Record extracts:
[Start of section]
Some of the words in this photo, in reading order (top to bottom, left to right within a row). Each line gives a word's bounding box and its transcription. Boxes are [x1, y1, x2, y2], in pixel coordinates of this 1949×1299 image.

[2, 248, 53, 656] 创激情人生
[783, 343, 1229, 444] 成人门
[End of section]
[Start of section]
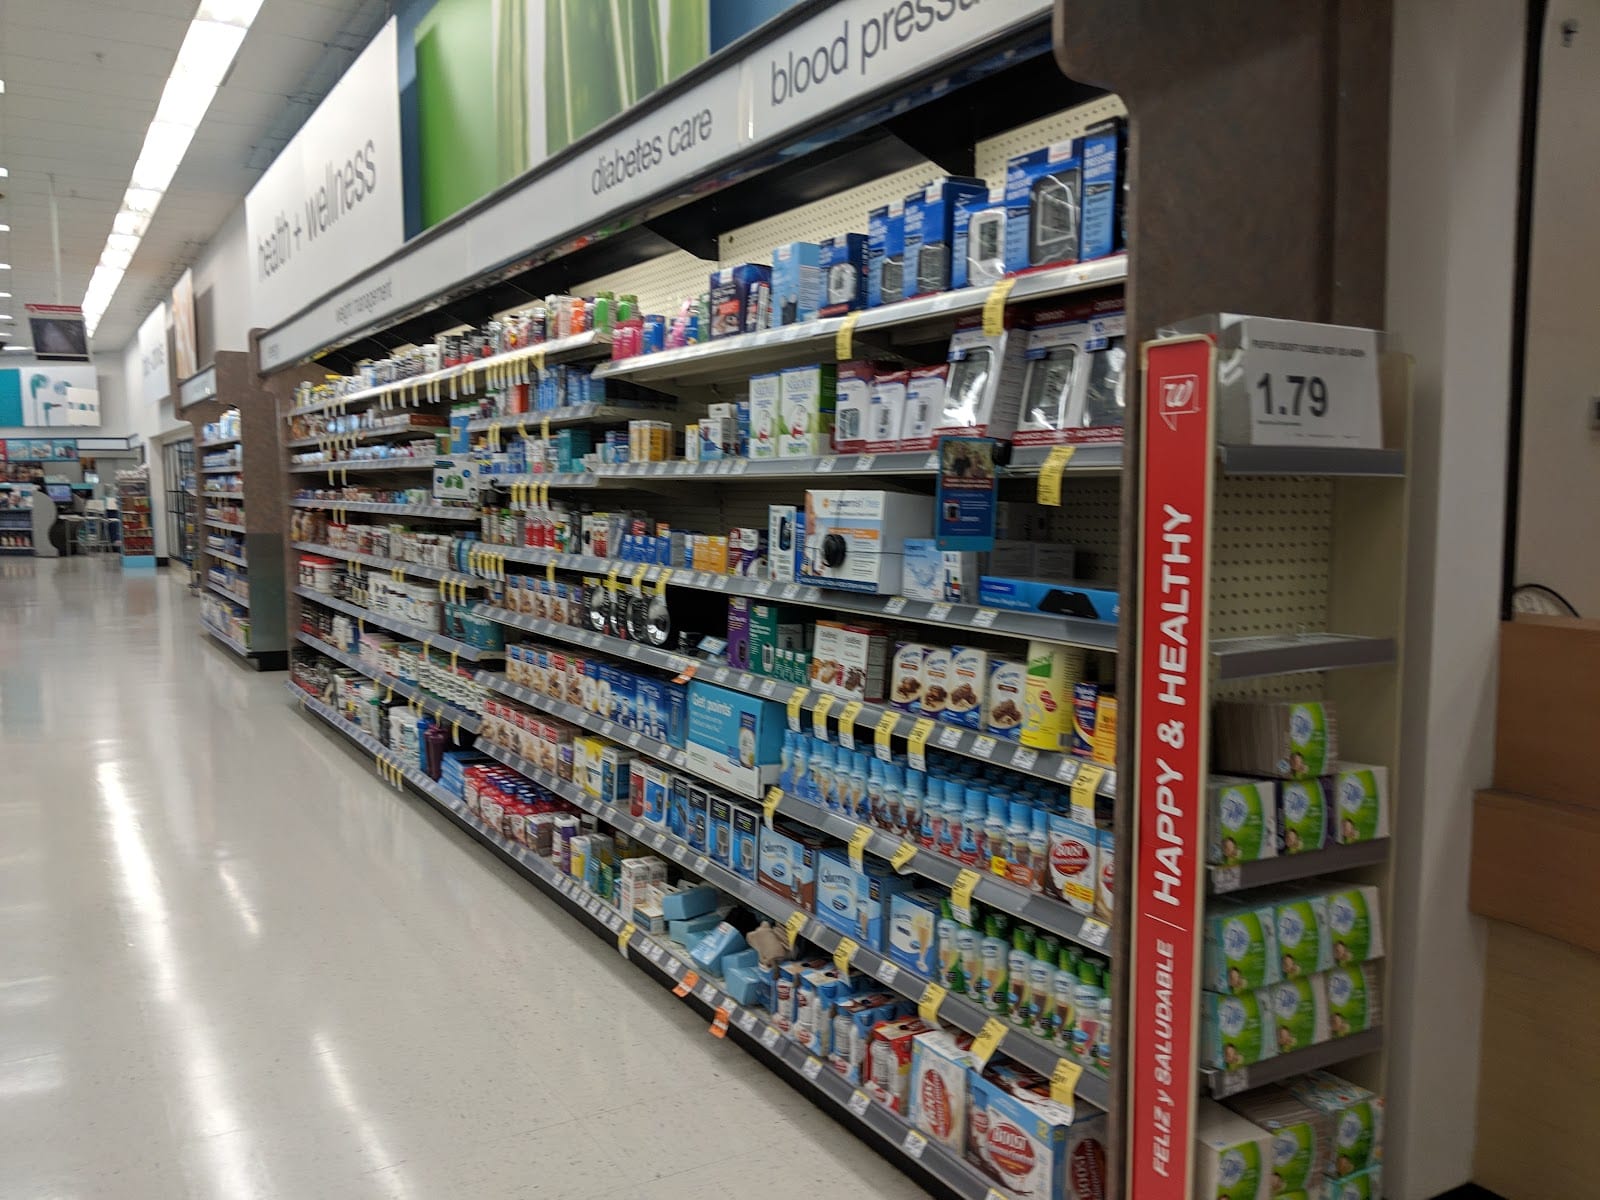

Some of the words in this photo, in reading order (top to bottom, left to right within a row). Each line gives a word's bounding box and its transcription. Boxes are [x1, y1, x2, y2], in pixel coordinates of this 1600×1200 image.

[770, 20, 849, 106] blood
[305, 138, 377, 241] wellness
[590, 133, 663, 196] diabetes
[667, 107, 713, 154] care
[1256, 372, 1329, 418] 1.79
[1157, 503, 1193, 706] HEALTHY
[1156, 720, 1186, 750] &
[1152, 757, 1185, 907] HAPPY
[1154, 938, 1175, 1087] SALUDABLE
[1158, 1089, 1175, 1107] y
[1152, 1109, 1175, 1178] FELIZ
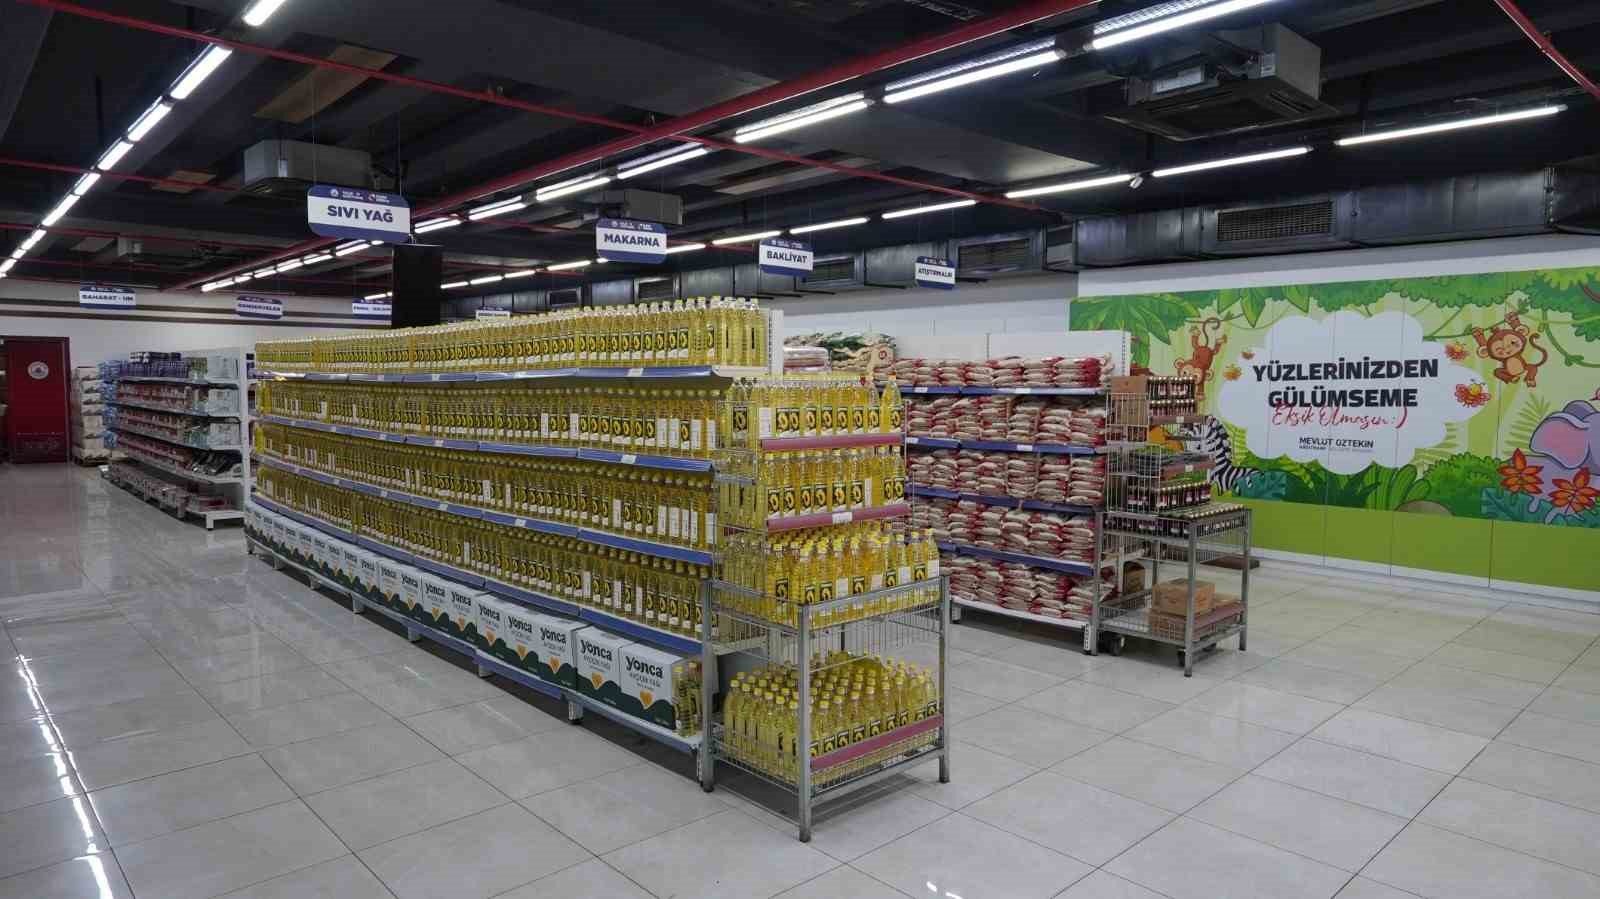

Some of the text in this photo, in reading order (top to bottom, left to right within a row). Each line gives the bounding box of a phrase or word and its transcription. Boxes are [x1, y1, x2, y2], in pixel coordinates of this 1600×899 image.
[End of section]
How to complete this task:
Take the material above from the line containing "this 1600×1200 image." up to and including the line containing "Some of the text" and retype it exactly, without any pictures.

Exercise solution:
Some of the words in this photo, in reading order (top to bottom, left to right within a row). Each line gives a word's bounding box and its transcription. Boxes are [x1, y1, x2, y2], in pixel coordinates of this 1600×1200 image.

[770, 20, 849, 106] blood
[305, 138, 377, 241] wellness
[590, 133, 663, 196] diabetes
[667, 107, 713, 154] care
[1256, 372, 1329, 418] 1.79
[1157, 503, 1193, 706] HEALTHY
[1156, 720, 1186, 750] &
[1152, 757, 1185, 907] HAPPY
[1154, 938, 1175, 1087] SALUDABLE
[1158, 1089, 1175, 1107] y
[1152, 1109, 1175, 1178] FELIZ

Some of the text in this photo, in reading order (top to bottom, left to right within a row). Each line gives the bounding box of a phrase or word and its transcription. Boxes are [x1, y1, x2, y2], in pixel coordinates of this 1600×899 image.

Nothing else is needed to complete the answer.